(Annotated photo localization data)
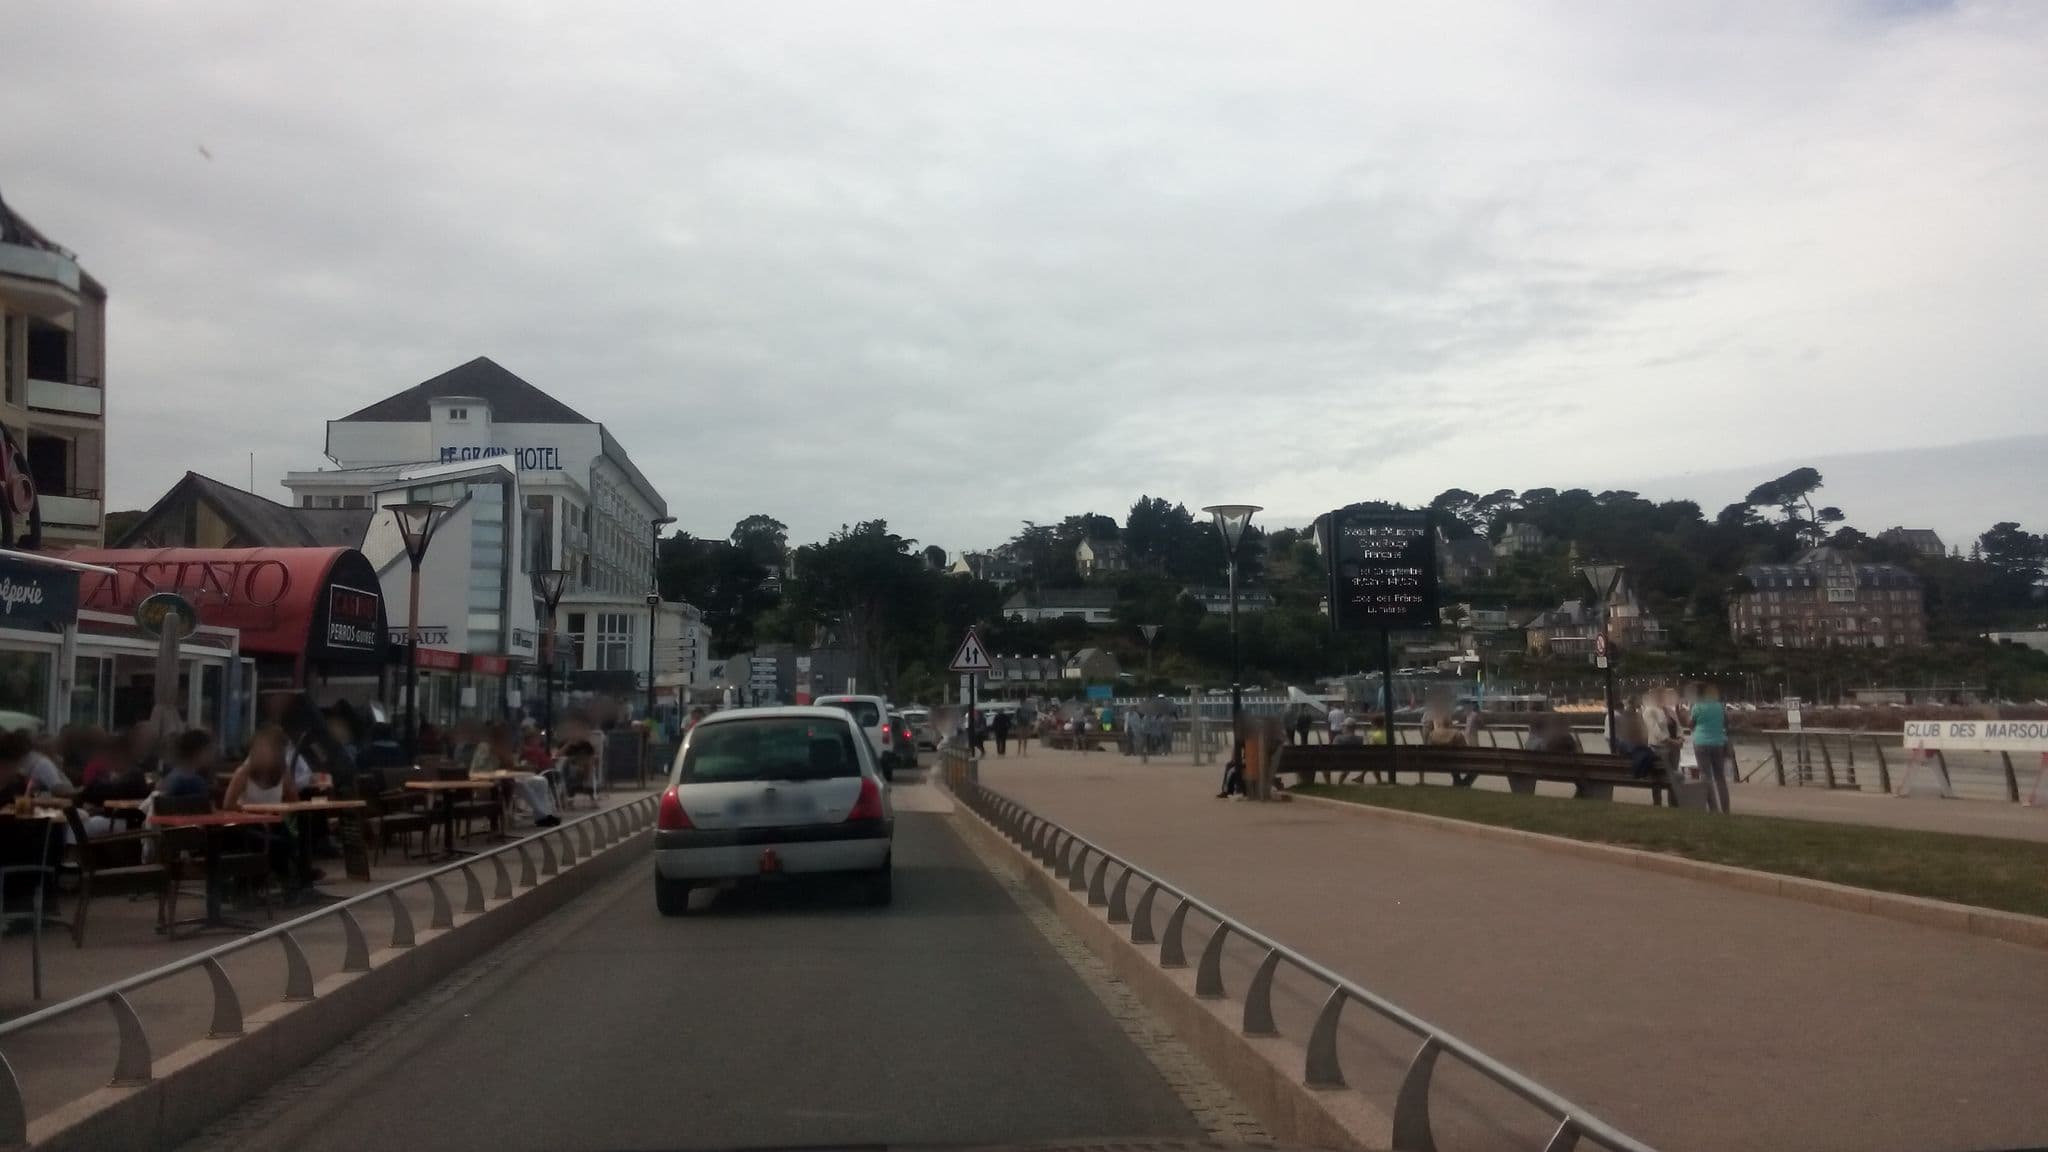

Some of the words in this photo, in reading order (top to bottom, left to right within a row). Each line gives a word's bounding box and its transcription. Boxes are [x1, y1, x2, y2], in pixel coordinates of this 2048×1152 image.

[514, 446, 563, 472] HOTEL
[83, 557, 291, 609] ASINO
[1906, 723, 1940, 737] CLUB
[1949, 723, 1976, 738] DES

> _Your instructions_:
Without the pictures, extract every entry verbatim.

> _Task output_:
Some of the words in this photo, in reading order (top to bottom, left to right within a row). Each line gives a word's bounding box and its transcription. Boxes are [x1, y1, x2, y2], in pixel coordinates of this 2048×1152 image.

[514, 446, 563, 472] HOTEL
[83, 557, 291, 609] ASINO
[1906, 723, 1940, 737] CLUB
[1949, 723, 1976, 738] DES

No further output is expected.